▶ What you will do
Print the records exactly as written, and let no picture into the answer.

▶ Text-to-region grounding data
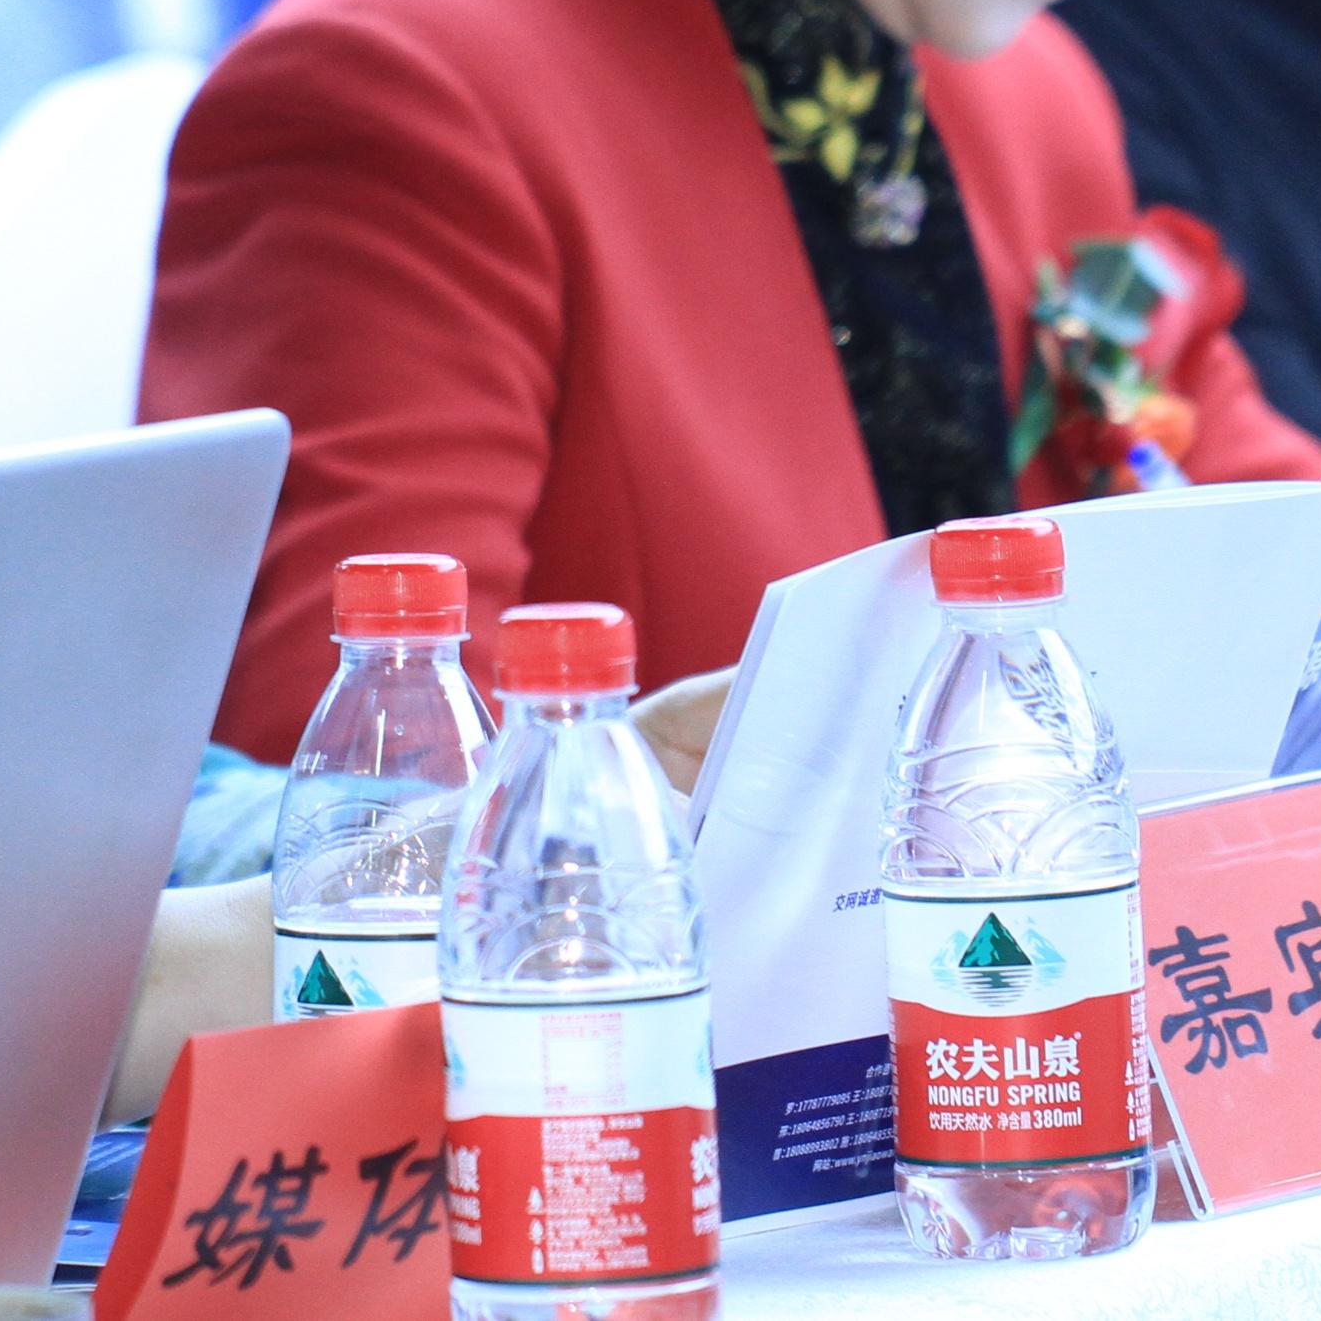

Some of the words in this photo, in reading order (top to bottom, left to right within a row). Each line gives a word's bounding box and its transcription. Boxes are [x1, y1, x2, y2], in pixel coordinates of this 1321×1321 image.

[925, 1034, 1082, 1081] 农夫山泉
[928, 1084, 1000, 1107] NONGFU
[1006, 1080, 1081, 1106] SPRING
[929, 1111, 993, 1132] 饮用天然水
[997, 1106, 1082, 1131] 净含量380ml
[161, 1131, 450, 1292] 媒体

▶ Response below
Some of the words in this photo, in reading order (top to bottom, left to right within a row). Each line gives a word's bounding box and its transcription. Boxes are [x1, y1, x2, y2], in pixel coordinates of this 1321×1321 image.

[925, 1034, 1082, 1081] 农夫山泉
[928, 1084, 1000, 1107] NONGFU
[1006, 1080, 1081, 1106] SPRING
[929, 1111, 993, 1132] 饮用天然水
[997, 1106, 1082, 1131] 净含量380ml
[161, 1131, 450, 1292] 媒体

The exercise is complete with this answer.